## The problem
Give a verbatim quotation of every record.

[[ Excerpted records, beginning ]]

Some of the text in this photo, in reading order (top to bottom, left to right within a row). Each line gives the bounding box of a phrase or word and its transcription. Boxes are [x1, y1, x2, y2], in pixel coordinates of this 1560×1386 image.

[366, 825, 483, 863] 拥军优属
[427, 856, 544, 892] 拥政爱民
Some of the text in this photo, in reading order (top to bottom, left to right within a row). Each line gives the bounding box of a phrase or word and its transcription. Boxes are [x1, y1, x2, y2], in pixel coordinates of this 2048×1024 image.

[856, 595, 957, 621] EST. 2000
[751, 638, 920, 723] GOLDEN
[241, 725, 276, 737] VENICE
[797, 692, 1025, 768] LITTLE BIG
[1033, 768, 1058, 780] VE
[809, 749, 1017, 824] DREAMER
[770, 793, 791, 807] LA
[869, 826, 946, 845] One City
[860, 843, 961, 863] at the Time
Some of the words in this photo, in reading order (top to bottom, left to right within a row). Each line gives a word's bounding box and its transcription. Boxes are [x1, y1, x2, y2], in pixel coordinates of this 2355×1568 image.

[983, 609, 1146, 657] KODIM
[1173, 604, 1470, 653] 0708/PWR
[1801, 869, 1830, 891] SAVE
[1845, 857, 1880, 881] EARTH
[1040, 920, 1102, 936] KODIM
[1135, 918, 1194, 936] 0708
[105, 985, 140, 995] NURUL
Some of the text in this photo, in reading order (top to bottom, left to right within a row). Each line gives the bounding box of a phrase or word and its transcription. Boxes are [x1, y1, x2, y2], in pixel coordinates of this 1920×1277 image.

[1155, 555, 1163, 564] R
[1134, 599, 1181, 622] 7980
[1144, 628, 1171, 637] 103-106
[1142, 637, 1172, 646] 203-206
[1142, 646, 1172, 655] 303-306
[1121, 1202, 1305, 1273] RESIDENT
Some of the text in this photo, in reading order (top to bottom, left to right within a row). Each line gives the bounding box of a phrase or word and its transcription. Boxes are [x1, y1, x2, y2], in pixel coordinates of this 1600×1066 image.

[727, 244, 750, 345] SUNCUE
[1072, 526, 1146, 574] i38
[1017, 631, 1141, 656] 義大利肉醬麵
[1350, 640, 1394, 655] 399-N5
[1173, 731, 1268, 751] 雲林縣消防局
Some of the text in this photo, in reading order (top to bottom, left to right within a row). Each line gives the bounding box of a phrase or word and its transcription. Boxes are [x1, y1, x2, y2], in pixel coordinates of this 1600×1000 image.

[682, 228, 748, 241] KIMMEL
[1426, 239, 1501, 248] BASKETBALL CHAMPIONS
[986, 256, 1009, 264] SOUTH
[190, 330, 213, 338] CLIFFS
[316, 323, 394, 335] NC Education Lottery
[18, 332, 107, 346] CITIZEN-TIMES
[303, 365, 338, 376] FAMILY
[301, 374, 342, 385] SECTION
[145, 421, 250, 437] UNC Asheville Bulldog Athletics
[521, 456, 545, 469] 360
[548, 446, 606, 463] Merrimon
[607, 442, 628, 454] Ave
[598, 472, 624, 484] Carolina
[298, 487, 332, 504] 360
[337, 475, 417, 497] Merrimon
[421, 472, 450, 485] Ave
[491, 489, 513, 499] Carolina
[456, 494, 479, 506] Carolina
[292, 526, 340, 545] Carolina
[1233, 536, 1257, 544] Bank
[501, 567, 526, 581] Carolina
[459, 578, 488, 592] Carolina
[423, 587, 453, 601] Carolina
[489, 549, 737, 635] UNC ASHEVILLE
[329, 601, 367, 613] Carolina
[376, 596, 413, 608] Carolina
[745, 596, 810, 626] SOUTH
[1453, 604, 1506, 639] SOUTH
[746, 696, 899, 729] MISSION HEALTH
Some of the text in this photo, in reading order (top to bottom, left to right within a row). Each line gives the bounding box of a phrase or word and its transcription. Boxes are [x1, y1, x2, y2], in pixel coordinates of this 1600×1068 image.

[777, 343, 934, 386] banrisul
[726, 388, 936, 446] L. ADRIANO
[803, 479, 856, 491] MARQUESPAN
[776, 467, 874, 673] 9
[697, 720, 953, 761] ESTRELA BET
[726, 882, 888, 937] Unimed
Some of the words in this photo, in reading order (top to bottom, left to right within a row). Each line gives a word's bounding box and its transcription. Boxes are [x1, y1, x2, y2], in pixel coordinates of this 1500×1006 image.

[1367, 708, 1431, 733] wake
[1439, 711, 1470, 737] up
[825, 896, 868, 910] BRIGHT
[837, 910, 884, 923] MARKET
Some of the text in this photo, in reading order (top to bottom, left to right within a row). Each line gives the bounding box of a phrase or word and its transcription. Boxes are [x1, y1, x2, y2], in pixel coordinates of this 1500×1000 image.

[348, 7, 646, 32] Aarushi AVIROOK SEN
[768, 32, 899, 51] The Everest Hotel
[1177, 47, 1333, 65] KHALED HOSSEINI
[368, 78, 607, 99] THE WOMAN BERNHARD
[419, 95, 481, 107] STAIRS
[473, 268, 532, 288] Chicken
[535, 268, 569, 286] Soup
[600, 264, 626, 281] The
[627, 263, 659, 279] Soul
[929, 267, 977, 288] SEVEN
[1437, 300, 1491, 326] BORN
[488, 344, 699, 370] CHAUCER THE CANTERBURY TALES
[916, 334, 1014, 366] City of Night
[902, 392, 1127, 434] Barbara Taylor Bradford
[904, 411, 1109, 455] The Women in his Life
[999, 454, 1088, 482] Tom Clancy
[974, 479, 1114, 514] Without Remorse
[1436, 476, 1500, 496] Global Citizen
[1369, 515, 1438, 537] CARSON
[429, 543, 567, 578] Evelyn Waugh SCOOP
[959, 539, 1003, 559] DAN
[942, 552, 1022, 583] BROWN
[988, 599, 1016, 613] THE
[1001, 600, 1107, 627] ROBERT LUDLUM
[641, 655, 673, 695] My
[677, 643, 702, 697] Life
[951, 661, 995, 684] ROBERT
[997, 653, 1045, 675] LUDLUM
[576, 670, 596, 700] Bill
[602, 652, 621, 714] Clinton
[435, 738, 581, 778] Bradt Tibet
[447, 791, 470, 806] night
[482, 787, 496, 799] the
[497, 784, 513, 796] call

[[ Excerpted records, end ]]

## Answer to this problem
Some of the text in this photo, in reading order (top to bottom, left to right within a row). Each line gives the bounding box of a phrase or word and its transcription. Boxes are [x1, y1, x2, y2], in pixel coordinates of this 1560×1386 image.

[366, 825, 483, 863] 拥军优属
[427, 856, 544, 892] 拥政爱民
Some of the text in this photo, in reading order (top to bottom, left to right within a row). Each line gives the bounding box of a phrase or word and its transcription. Boxes are [x1, y1, x2, y2], in pixel coordinates of this 2048×1024 image.

[856, 595, 957, 621] EST. 2000
[751, 638, 920, 723] GOLDEN
[241, 725, 276, 737] VENICE
[797, 692, 1025, 768] LITTLE BIG
[1033, 768, 1058, 780] VE
[809, 749, 1017, 824] DREAMER
[770, 793, 791, 807] LA
[869, 826, 946, 845] One City
[860, 843, 961, 863] at the Time
Some of the words in this photo, in reading order (top to bottom, left to right within a row). Each line gives a word's bounding box and its transcription. Boxes are [x1, y1, x2, y2], in pixel coordinates of this 2355×1568 image.

[983, 609, 1146, 657] KODIM
[1173, 604, 1470, 653] 0708/PWR
[1801, 869, 1830, 891] SAVE
[1845, 857, 1880, 881] EARTH
[1040, 920, 1102, 936] KODIM
[1135, 918, 1194, 936] 0708
[105, 985, 140, 995] NURUL
Some of the text in this photo, in reading order (top to bottom, left to right within a row). Each line gives the bounding box of a phrase or word and its transcription. Boxes are [x1, y1, x2, y2], in pixel coordinates of this 1920×1277 image.

[1155, 555, 1163, 564] R
[1134, 599, 1181, 622] 7980
[1144, 628, 1171, 637] 103-106
[1142, 637, 1172, 646] 203-206
[1142, 646, 1172, 655] 303-306
[1121, 1202, 1305, 1273] RESIDENT
Some of the text in this photo, in reading order (top to bottom, left to right within a row). Each line gives the bounding box of a phrase or word and its transcription. Boxes are [x1, y1, x2, y2], in pixel coordinates of this 1600×1066 image.

[727, 244, 750, 345] SUNCUE
[1072, 526, 1146, 574] i38
[1017, 631, 1141, 656] 義大利肉醬麵
[1350, 640, 1394, 655] 399-N5
[1173, 731, 1268, 751] 雲林縣消防局
Some of the text in this photo, in reading order (top to bottom, left to right within a row). Each line gives the bounding box of a phrase or word and its transcription. Boxes are [x1, y1, x2, y2], in pixel coordinates of this 1600×1000 image.

[682, 228, 748, 241] KIMMEL
[1426, 239, 1501, 248] BASKETBALL CHAMPIONS
[986, 256, 1009, 264] SOUTH
[190, 330, 213, 338] CLIFFS
[316, 323, 394, 335] NC Education Lottery
[18, 332, 107, 346] CITIZEN-TIMES
[303, 365, 338, 376] FAMILY
[301, 374, 342, 385] SECTION
[145, 421, 250, 437] UNC Asheville Bulldog Athletics
[521, 456, 545, 469] 360
[548, 446, 606, 463] Merrimon
[607, 442, 628, 454] Ave
[598, 472, 624, 484] Carolina
[298, 487, 332, 504] 360
[337, 475, 417, 497] Merrimon
[421, 472, 450, 485] Ave
[491, 489, 513, 499] Carolina
[456, 494, 479, 506] Carolina
[292, 526, 340, 545] Carolina
[1233, 536, 1257, 544] Bank
[501, 567, 526, 581] Carolina
[459, 578, 488, 592] Carolina
[423, 587, 453, 601] Carolina
[489, 549, 737, 635] UNC ASHEVILLE
[329, 601, 367, 613] Carolina
[376, 596, 413, 608] Carolina
[745, 596, 810, 626] SOUTH
[1453, 604, 1506, 639] SOUTH
[746, 696, 899, 729] MISSION HEALTH
Some of the text in this photo, in reading order (top to bottom, left to right within a row). Each line gives the bounding box of a phrase or word and its transcription. Boxes are [x1, y1, x2, y2], in pixel coordinates of this 1600×1068 image.

[777, 343, 934, 386] banrisul
[726, 388, 936, 446] L. ADRIANO
[803, 479, 856, 491] MARQUESPAN
[776, 467, 874, 673] 9
[697, 720, 953, 761] ESTRELA BET
[726, 882, 888, 937] Unimed
Some of the words in this photo, in reading order (top to bottom, left to right within a row). Each line gives a word's bounding box and its transcription. Boxes are [x1, y1, x2, y2], in pixel coordinates of this 1500×1006 image.

[1367, 708, 1431, 733] wake
[1439, 711, 1470, 737] up
[825, 896, 868, 910] BRIGHT
[837, 910, 884, 923] MARKET
Some of the text in this photo, in reading order (top to bottom, left to right within a row). Each line gives the bounding box of a phrase or word and its transcription. Boxes are [x1, y1, x2, y2], in pixel coordinates of this 1500×1000 image.

[348, 7, 646, 32] Aarushi AVIROOK SEN
[768, 32, 899, 51] The Everest Hotel
[1177, 47, 1333, 65] KHALED HOSSEINI
[368, 78, 607, 99] THE WOMAN BERNHARD
[419, 95, 481, 107] STAIRS
[473, 268, 532, 288] Chicken
[535, 268, 569, 286] Soup
[600, 264, 626, 281] The
[627, 263, 659, 279] Soul
[929, 267, 977, 288] SEVEN
[1437, 300, 1491, 326] BORN
[488, 344, 699, 370] CHAUCER THE CANTERBURY TALES
[916, 334, 1014, 366] City of Night
[902, 392, 1127, 434] Barbara Taylor Bradford
[904, 411, 1109, 455] The Women in his Life
[999, 454, 1088, 482] Tom Clancy
[974, 479, 1114, 514] Without Remorse
[1436, 476, 1500, 496] Global Citizen
[1369, 515, 1438, 537] CARSON
[429, 543, 567, 578] Evelyn Waugh SCOOP
[959, 539, 1003, 559] DAN
[942, 552, 1022, 583] BROWN
[988, 599, 1016, 613] THE
[1001, 600, 1107, 627] ROBERT LUDLUM
[641, 655, 673, 695] My
[677, 643, 702, 697] Life
[951, 661, 995, 684] ROBERT
[997, 653, 1045, 675] LUDLUM
[576, 670, 596, 700] Bill
[602, 652, 621, 714] Clinton
[435, 738, 581, 778] Bradt Tibet
[447, 791, 470, 806] night
[482, 787, 496, 799] the
[497, 784, 513, 796] call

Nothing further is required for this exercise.